Кроме нас, никто в той местности из городских людей не живал, — да было и негде, все избы считаны; только верстах в пяти был частный хутор (у нас не говорили имение) моей крестной матери Марьи Павловны, жившей с кухаркой и кучером, которые окружали ее заботами и льстивым поклонением, потому что считали себя ее прямыми наследниками: родных у нее на всем свете не было никого.
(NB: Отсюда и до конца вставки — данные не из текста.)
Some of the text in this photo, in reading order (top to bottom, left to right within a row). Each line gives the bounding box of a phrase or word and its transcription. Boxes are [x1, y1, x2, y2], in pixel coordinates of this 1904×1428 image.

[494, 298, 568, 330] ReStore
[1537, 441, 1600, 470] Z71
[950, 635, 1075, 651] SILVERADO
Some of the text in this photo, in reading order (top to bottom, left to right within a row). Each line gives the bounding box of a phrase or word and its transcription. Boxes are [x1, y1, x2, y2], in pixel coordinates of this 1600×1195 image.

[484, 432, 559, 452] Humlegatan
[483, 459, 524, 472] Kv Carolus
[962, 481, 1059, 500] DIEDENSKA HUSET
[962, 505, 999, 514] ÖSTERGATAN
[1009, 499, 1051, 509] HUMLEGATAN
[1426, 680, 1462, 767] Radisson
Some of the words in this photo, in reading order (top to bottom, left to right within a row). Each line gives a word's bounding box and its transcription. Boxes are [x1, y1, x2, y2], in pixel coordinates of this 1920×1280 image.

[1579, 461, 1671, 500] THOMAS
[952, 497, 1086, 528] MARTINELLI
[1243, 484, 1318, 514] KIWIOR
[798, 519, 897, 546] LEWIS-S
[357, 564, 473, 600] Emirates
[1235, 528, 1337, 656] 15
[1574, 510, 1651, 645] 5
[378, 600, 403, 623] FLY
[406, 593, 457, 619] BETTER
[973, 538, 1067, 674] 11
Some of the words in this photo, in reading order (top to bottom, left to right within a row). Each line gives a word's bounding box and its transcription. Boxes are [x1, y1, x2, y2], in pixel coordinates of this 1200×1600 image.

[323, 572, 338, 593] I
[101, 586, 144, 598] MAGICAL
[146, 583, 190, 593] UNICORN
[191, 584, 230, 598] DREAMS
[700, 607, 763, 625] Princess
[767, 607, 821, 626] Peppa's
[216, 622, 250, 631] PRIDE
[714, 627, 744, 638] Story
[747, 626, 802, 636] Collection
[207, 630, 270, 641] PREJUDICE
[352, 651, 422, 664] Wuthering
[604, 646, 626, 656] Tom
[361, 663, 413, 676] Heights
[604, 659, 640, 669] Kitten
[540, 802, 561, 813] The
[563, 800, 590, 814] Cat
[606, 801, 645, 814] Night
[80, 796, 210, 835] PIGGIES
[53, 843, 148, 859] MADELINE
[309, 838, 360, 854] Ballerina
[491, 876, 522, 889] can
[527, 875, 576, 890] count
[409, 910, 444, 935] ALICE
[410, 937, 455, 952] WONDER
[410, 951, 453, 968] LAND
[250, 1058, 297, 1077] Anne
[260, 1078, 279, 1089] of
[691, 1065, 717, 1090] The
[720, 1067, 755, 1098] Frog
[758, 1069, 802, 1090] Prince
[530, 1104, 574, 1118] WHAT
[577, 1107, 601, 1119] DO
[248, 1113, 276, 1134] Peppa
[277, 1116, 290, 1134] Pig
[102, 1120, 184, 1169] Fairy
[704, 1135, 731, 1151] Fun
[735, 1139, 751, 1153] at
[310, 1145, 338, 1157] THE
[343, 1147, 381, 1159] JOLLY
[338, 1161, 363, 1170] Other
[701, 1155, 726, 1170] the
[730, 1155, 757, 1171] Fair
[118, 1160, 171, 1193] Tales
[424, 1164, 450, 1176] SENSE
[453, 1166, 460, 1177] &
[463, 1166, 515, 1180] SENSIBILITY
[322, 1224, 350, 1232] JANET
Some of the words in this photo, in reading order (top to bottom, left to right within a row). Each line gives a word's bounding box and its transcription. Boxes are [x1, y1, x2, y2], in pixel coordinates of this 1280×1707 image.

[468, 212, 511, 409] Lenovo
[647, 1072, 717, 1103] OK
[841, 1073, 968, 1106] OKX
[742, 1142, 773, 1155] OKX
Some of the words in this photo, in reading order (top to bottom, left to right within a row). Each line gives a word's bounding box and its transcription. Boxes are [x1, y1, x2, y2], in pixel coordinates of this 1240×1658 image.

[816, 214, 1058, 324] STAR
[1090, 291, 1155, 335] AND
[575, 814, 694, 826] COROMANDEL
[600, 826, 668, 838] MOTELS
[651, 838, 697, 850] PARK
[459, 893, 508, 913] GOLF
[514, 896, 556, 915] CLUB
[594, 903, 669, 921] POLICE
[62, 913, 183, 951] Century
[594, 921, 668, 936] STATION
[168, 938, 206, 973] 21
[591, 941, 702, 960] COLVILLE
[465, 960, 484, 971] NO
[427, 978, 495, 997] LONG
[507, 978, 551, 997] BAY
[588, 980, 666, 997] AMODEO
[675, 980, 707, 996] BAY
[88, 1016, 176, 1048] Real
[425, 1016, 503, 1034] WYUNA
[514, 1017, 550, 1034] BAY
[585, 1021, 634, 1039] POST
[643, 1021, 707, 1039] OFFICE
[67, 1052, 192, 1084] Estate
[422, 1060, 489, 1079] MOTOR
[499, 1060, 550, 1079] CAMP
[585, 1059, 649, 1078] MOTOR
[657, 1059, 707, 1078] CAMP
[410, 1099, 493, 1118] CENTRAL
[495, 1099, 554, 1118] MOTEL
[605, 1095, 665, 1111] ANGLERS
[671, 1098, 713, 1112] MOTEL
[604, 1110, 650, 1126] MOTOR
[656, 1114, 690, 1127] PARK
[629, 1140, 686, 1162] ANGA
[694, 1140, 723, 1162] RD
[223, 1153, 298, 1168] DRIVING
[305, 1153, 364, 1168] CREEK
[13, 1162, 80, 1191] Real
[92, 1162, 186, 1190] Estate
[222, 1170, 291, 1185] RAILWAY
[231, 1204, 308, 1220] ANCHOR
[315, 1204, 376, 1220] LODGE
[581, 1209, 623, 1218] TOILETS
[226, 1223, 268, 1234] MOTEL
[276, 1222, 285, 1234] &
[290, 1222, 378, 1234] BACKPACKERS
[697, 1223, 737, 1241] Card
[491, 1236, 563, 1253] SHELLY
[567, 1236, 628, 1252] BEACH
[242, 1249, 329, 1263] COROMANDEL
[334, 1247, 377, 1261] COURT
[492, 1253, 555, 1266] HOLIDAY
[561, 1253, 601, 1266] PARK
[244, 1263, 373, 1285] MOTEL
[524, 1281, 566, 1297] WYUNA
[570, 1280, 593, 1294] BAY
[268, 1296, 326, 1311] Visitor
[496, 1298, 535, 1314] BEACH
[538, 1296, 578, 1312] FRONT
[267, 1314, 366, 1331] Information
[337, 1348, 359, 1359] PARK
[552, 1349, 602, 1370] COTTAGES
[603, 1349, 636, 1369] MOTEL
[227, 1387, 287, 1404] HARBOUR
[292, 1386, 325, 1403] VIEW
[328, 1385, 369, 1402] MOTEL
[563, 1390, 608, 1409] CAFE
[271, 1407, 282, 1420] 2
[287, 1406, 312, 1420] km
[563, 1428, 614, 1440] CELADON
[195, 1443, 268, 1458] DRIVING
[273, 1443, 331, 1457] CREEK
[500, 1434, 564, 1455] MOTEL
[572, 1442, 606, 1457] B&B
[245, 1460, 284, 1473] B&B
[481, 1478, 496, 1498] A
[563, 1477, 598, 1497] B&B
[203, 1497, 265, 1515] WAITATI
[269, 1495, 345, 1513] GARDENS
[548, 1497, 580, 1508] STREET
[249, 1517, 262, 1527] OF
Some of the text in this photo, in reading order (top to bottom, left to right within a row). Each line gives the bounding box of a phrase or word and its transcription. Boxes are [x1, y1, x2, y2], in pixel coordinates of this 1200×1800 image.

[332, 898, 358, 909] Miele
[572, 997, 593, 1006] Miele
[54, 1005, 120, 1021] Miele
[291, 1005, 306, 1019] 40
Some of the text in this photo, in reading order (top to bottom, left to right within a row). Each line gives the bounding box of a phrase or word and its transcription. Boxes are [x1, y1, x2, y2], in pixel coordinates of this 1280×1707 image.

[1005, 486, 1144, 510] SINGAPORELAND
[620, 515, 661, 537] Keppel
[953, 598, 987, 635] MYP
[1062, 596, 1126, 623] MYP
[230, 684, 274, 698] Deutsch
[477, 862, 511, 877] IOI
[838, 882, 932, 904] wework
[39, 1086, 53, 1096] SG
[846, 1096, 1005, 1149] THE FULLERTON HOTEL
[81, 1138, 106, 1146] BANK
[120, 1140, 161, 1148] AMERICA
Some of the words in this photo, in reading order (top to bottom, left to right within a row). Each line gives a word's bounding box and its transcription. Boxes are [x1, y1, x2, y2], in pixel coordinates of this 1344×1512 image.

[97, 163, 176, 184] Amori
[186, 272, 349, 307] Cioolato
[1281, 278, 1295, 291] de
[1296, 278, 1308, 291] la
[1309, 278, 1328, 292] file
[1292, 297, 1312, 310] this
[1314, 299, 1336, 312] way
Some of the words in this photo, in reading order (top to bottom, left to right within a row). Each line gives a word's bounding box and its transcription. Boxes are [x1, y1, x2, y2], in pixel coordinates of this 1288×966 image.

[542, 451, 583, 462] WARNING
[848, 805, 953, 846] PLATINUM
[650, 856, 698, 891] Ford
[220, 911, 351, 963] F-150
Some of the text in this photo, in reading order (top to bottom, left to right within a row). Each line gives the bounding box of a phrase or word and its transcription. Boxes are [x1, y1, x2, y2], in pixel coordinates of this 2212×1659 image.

К этому хутору от нас не было проезжей прямой дороги, а ходили как сейчас помню — сначала через речку, потом на косогор и на большую поляну, дальше тропинкой елового леса до межевой ямы, той самой, в которой нашли корову, высосанную беглым арестантом, еще дальше с полверсты, по опушке над кручей, и тут выходили на дорогу колесную, и уже можно было увидеть вдали Марьи-Павловнин хутор, бревенчатую избу, чисто сложенную и забитую не клочковатой, а жгутом подвернутой паклей. У Марьи Павловны был настоящий шкап с зеркалом, были венские стулья и буфет, выше меня ростом. Сама моя крестная была крупной, громкоголосой, деспотической женщиной, в городе ее боялись, почти ни с кем, кроме нашей семьи, она не зналась, нигде не бывала, пила много кофею, кажется, была богата, откуда родом — не знаю, а по фамилии Керен, может быть по мужу немка, но говорила она очень хорошо, по-московски. Когда я был совсем маленьким, она сказала мне, что откажет мне в своем завещании тысячу рублей, и пока дала зеленую трехрублевку, на которую я не знал, что купить. Больше я от нее ничего не получал, и умерла она как-то нечаянно, ни когда, ни почему — не помню; я в то время уже читал Достоевского.

Юность

Я пытаюсь вспомнить о годах своей юности, хотя не очень ясно, что разуметь под этим словом, какой отрезок нашей жизненной дороги. Как это никто не догадался делить жизнь на трехлетия или пятилетия, каждое со своим ярлычком, — не было бы путаницы, и, главное, качества и настроения одного отрезка не позволяли бы себе вторгаться в неподобающую клетку. Как вы смеете, уже спускаясь по склону, уже почти спустившись, уже перед окошечком расчетной кассы, ощущать себя моложе и жизненнее, чем полагается вашей категории? Моя зима все еще бесснежна, а головы тех, кто могли бы быть моими детьми, запорошены снегом. Они пытаются уверить меня, что на долю их поколения выпала тяжкая участь, что их несозревшими подхватил ураган событий, унес и выбросил на чужие берега и что это так рано сделало их стариками. Я верю им, сочувствую им, жалею их, хотя мое поколение пережило вдвое больше и в тысячу раз тяжелее. И я утешаю: молодость может вернуться, ведь это не возраст, а мироощущение! В жизни, духовно богатой, переживается несколько возвратов, и невозвратимо только детство, — но ведь не хотите же вы прыгать козлятами? И обратно: бывают люди без юности; их поезд минует эту таинственную станцию зарождения самостоятельной мысли и страстного наката неразрешимых вопросов. Пожалуй, в нынешней спешке прямые поезда удобнее и экономнее. Спешили и мы, но тогда еще не гнались за рекордами скорости и техника была невысока.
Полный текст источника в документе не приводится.